What to do
Keeping pictures out of the copy, restate each record word for word.

Exercise data
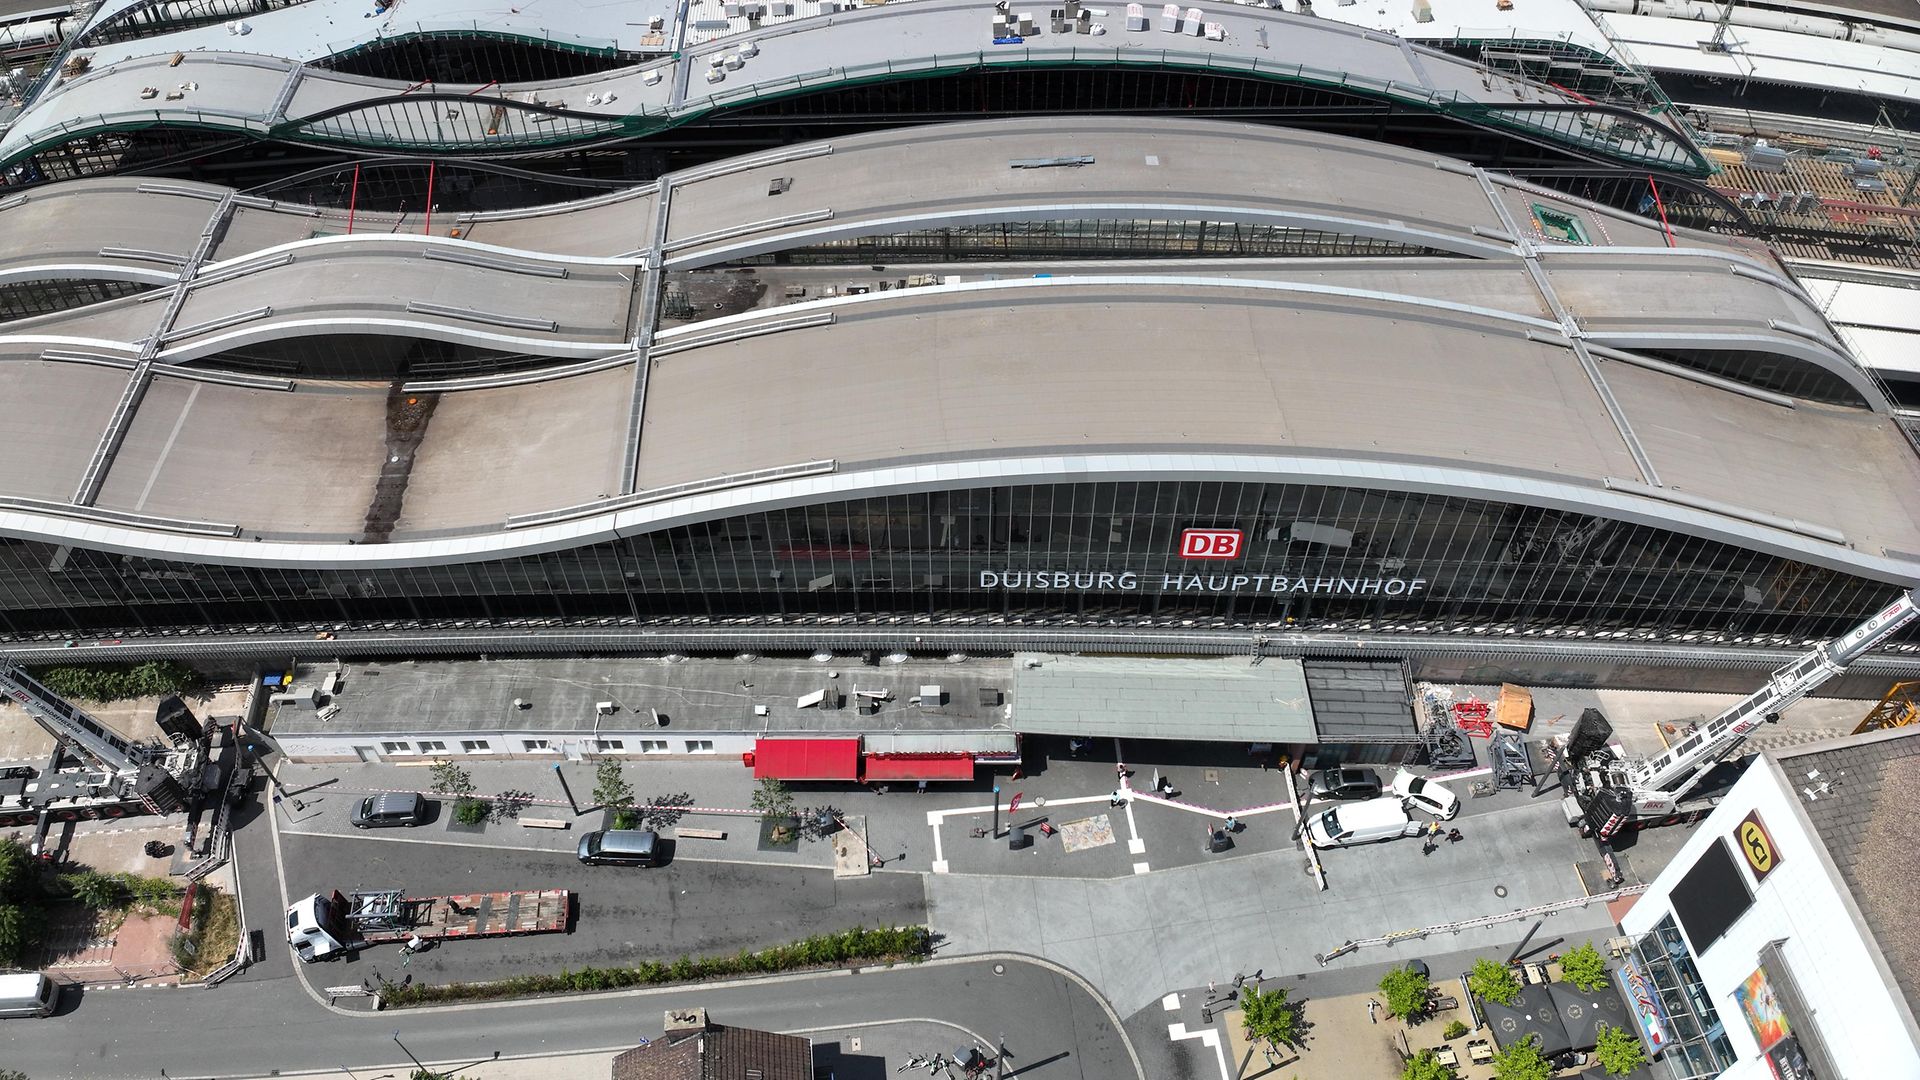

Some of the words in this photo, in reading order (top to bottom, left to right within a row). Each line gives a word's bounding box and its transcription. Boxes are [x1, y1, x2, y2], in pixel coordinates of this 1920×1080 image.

[1186, 534, 1236, 556] DB
[980, 571, 1137, 590] DUISBURG
[1163, 573, 1427, 596] HAUPTBAHNHOF
[1745, 827, 1768, 866] UCI
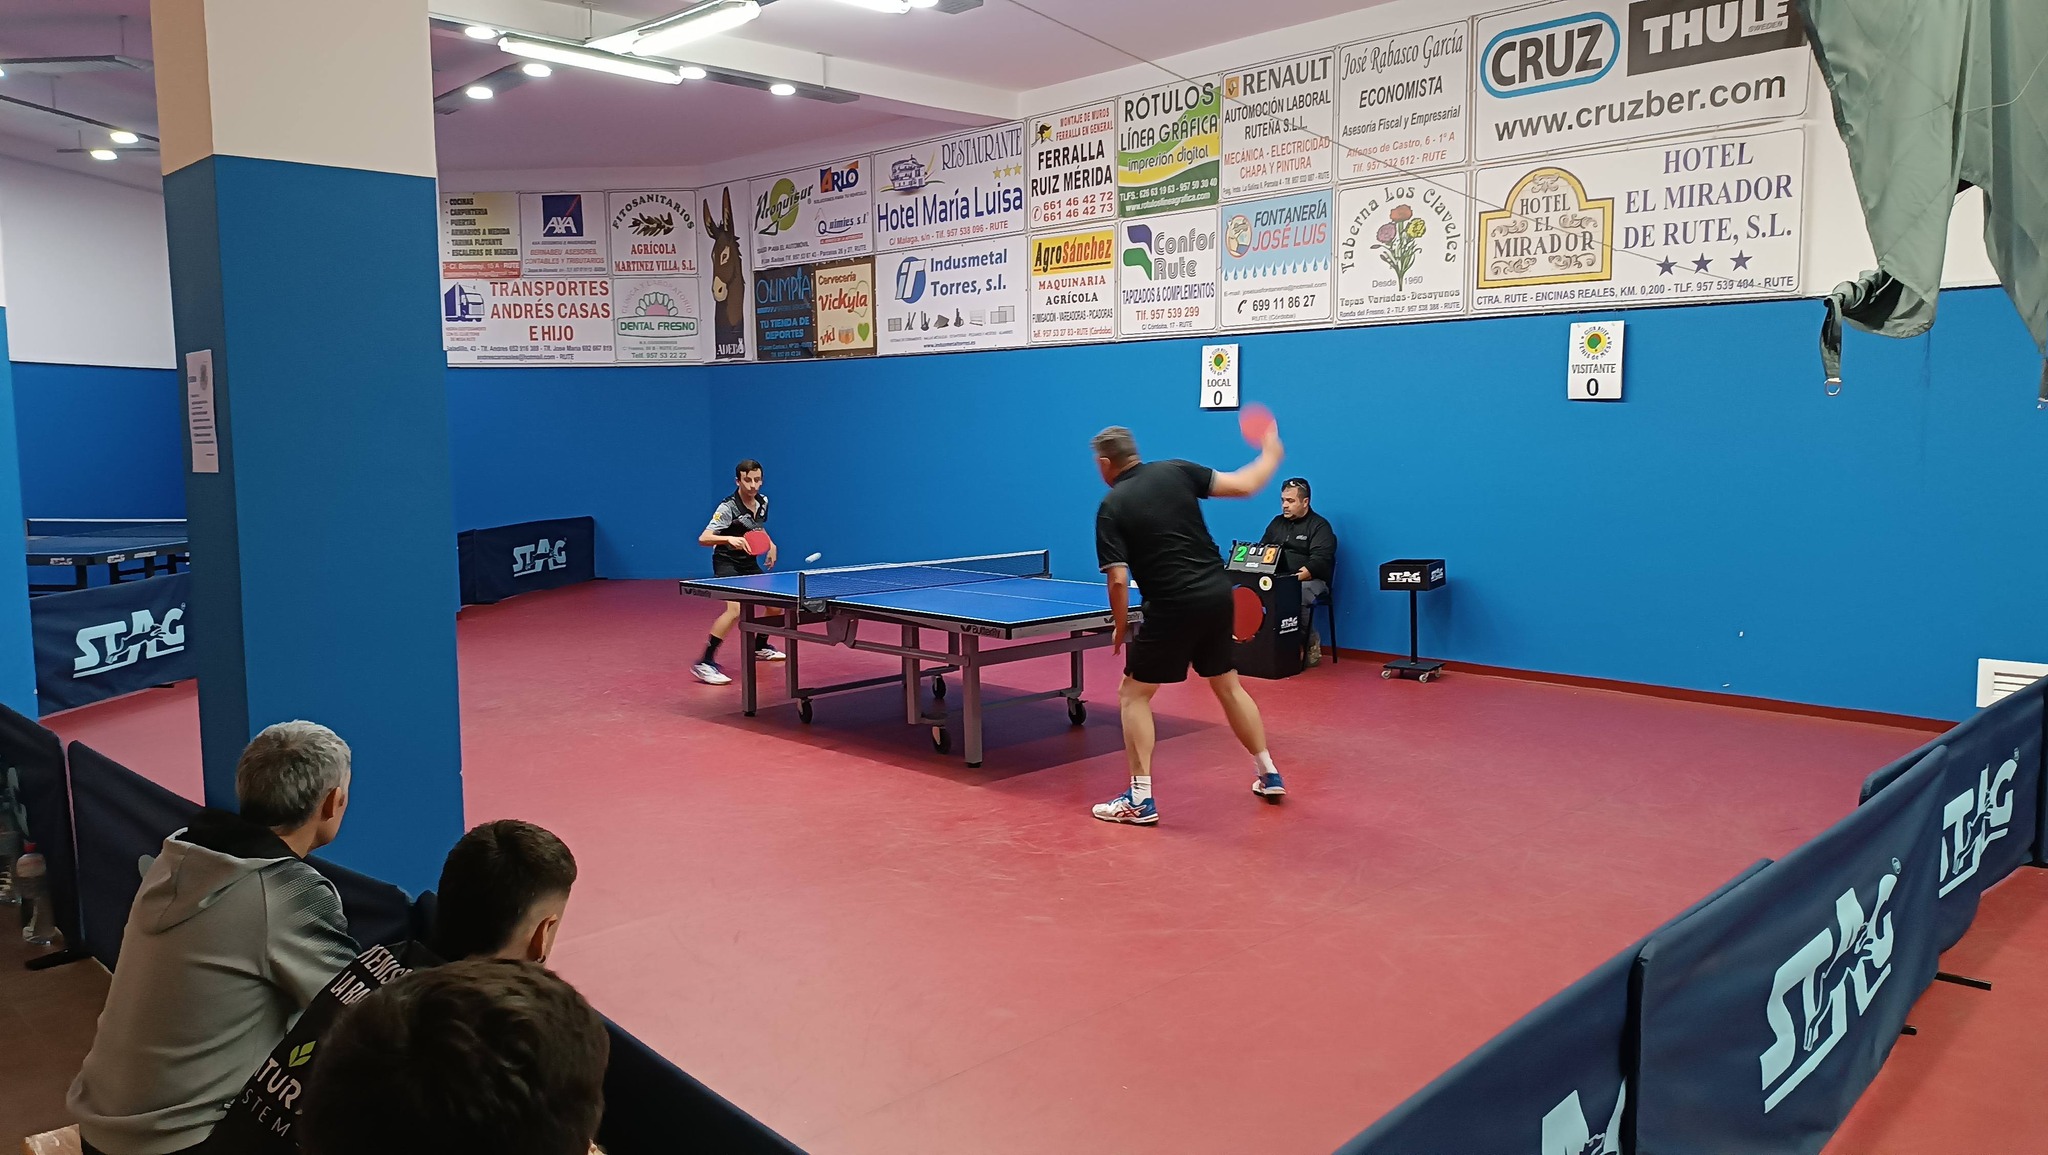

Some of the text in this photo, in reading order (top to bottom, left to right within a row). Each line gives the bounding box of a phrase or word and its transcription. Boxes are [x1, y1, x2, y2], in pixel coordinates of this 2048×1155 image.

Task output
Some of the words in this photo, in reading order (top to bottom, left to right within a row). Each line gives a word's bounding box and its transcription. Boxes are [x1, y1, x2, y2], in pixel coordinates of this 1920×1080 image.

[1186, 534, 1236, 556] DB
[980, 571, 1137, 590] DUISBURG
[1163, 573, 1427, 596] HAUPTBAHNHOF
[1745, 827, 1768, 866] UCI

Some of the text in this photo, in reading order (top to bottom, left to right within a row). Each line gives the bounding box of a phrase or word and its transcription. Boxes are [x1, y1, x2, y2], in pixel coordinates of this 2048×1155 image.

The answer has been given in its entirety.